If the airbenders do return outside of Tenzin's little brood, they'll certainly be a more eclectic and cosmopolitan bunch than before, and probably not exist as nomadic tribes, not in this increasingly industrialized world. Instead they might be more of a network bound together by common genes and spirituality, though they'd also bring their different cultures and perspectives.

In fact, maybe the Air culture no longer has to rest on airbending, or Air Nomad genes. There are non-bending Air Acolytes who are going to be an important part of the group, who don't have the identifier of bending power or genetics but still share the culture and spirituality. And then if airbending spontaneously returns, whether to descendants of Air Nomads or even other populations (as in The Element of Freedom [via [livejournal.com profile] amyraine] in which the Northern Air Temple settlers start developing airbending), who might not share the same culture or at least might be multicultural, the picture would grow even more complex.
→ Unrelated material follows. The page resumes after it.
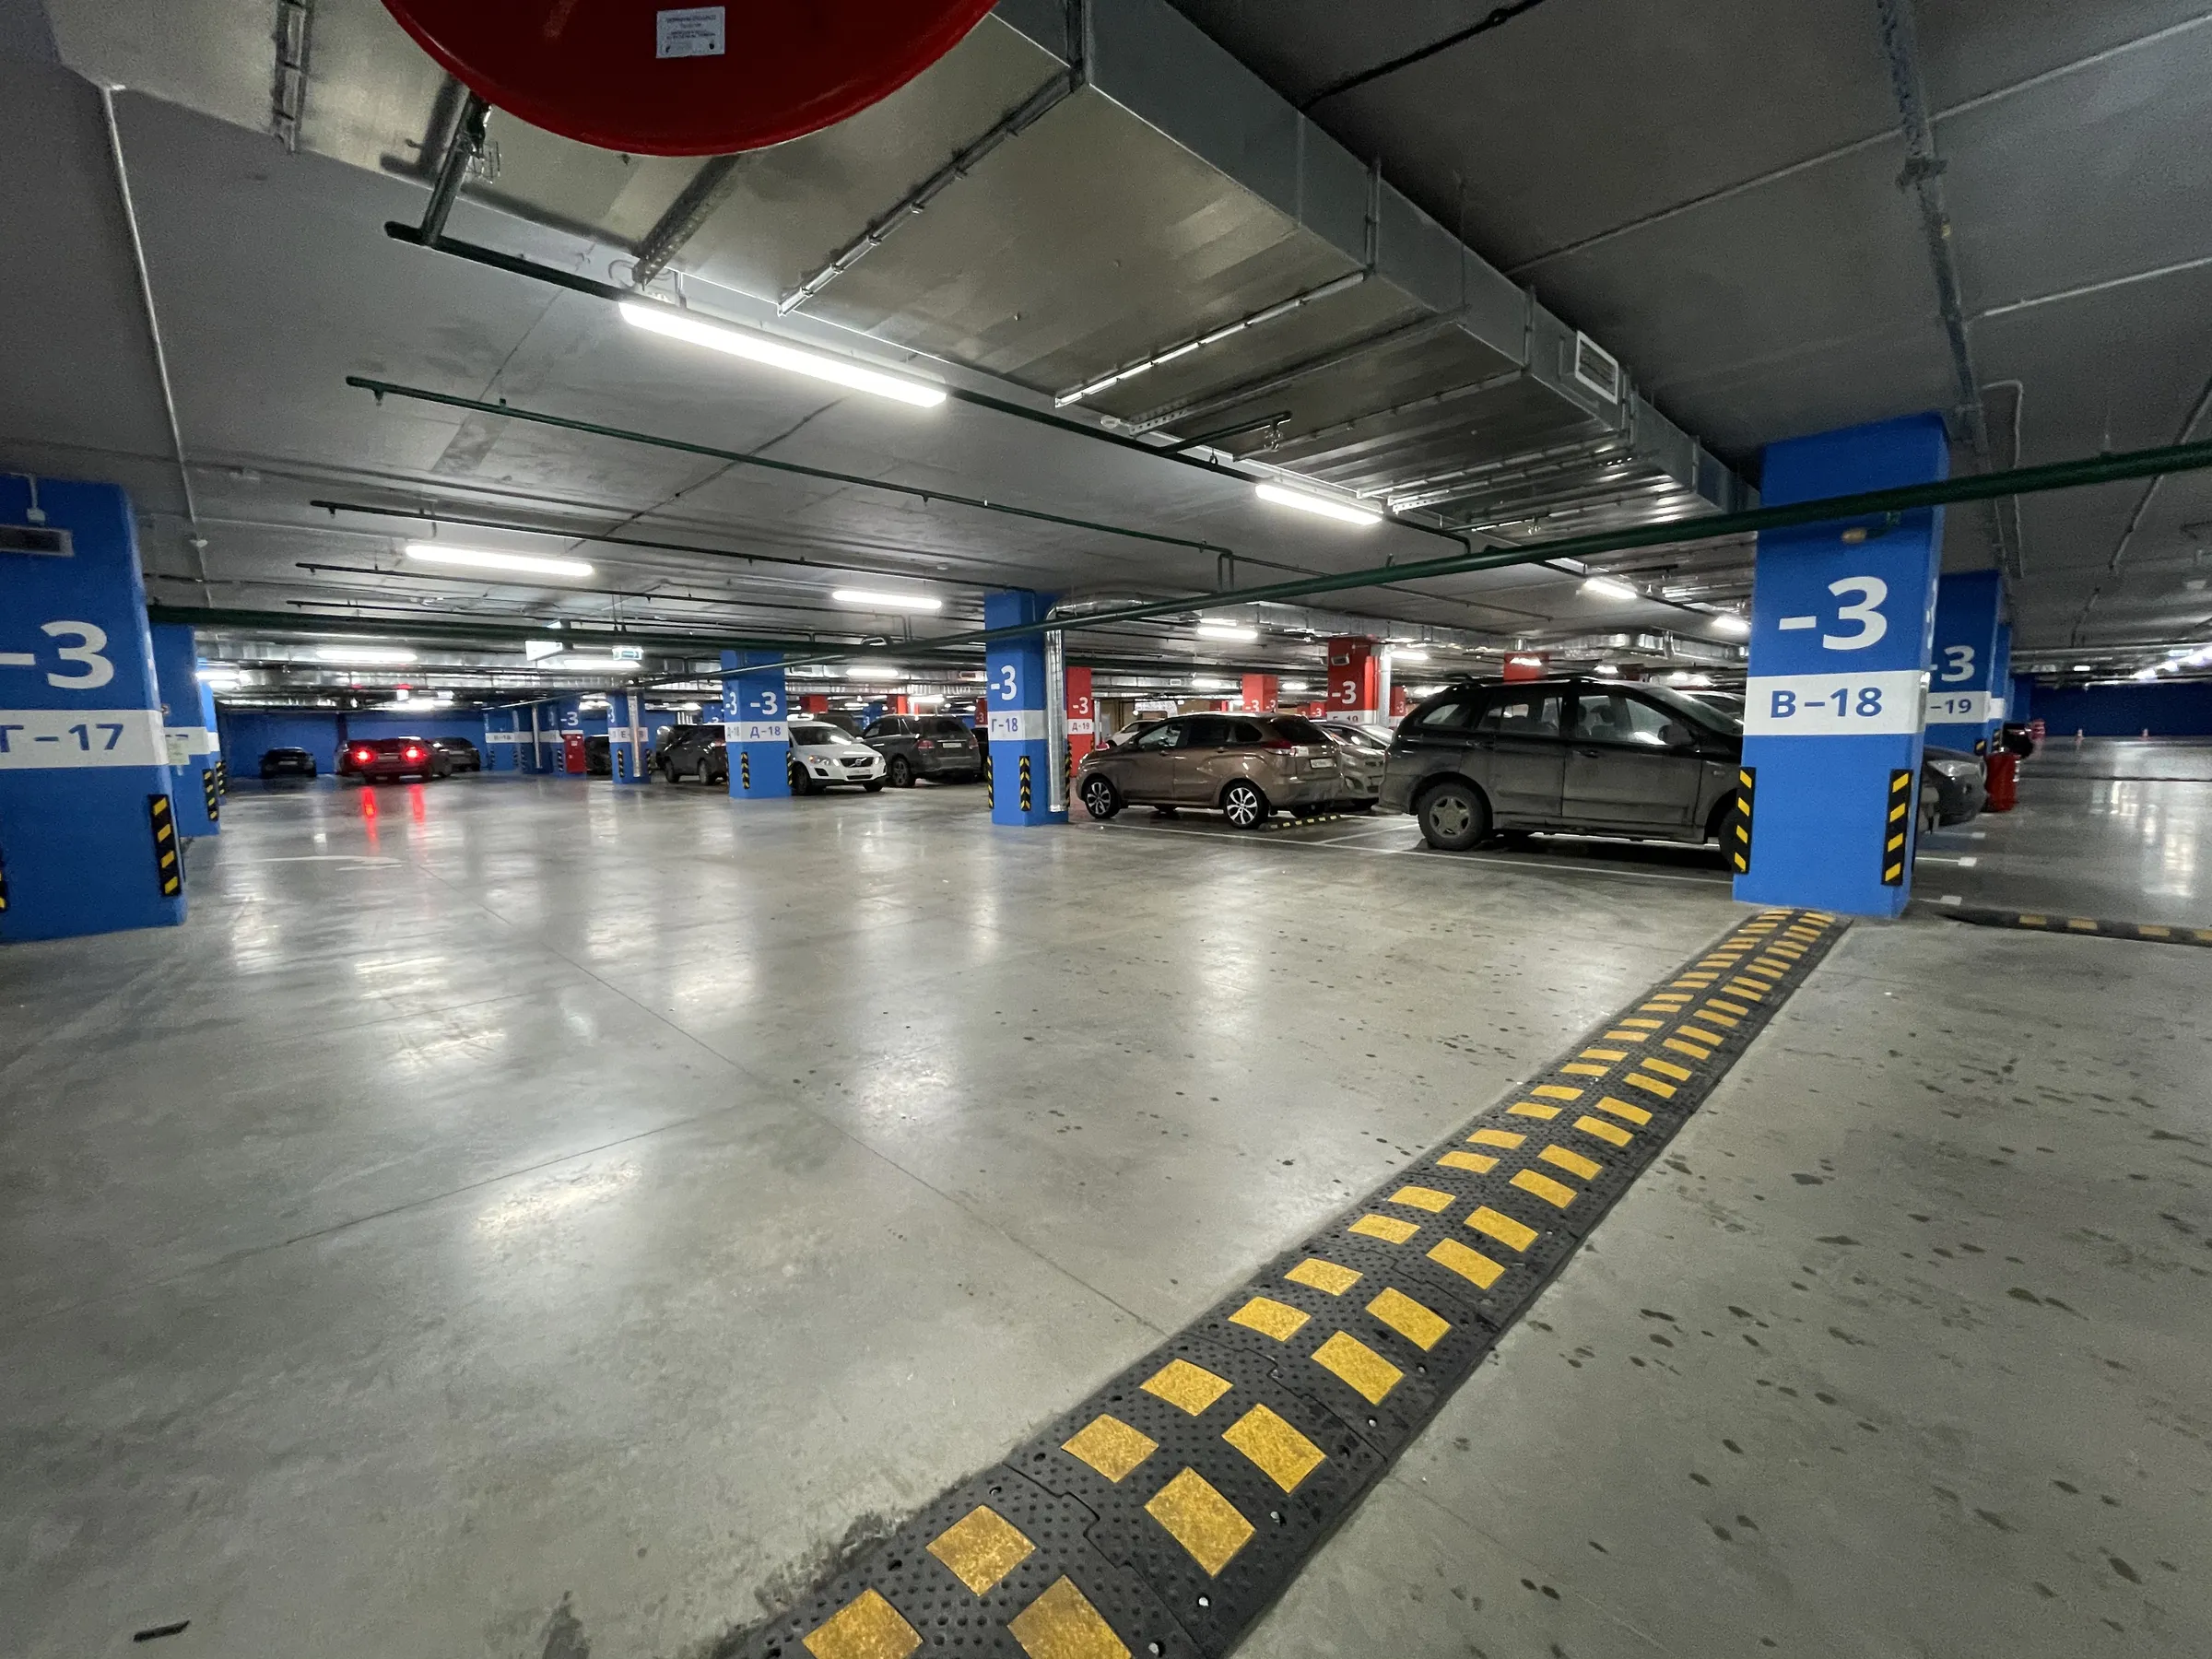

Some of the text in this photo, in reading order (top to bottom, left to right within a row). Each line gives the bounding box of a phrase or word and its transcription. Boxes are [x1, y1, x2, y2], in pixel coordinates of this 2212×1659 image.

In the end the revival of the Air culture would increasingly run into the question, what does it mean to be an Air... something? It's hard to even agree on a name because they're no longer nomads, they're not all benders, they might not all be monks and nuns or acolytes, and they might not even share the same culture. Air Nation probably works best, as in the American First Nations.

I fully expect conflict and crisis to result under this scenario, with perhaps purists like Tenzin wanting to limit membership to airbenders who are part of the old Air Nomad culture like himself and his children, with the Air Acolytes in a strictly supporting role. As Air Acolytes increase in numbers and power they might want recognition as full members, perhaps to be called monks and nuns even if they don't airbend. Other airbenders or Air Nomad descendants might similarly want to be included or might not identify with the Air Nation at all, resulting in more conflict.

Recovering from the crimes committed against their ancestors, the Air Nation will have to adapt to these new realities. It's not easy to adapt to change, much less horrible collective trauma and the destruction of one's identity. But it's a necessary process and one that I think will ultimately make the Air Nation more inclusive and stronger, an important spiritual presence and alternative viewpoint in an increasingly materialistic, mechanized world.

The Air Nomad and now Air Nation story is one of loss, but it's one of hope and revival as well. Despite atrocity, despite human imperfections, despite time and change and pain, they are making a comeback if in a different form. They may be fictional but I see in their story the struggles and triumphs of real-life peoples who recovered, or are trying to recover, from atrocities and, and fight daily to build something new out of the destruction.

I wish them all luck, because the world loses something when a unique culture is lost, the voices, the views, the ways of life. Much of what is lost will not return, but maybe the strange alchemy of life will bring constancy as well as change, rebirth as well as death, and maybe something strong and vital and beautiful will arise out unimaginable tragedy. I certainly hope so.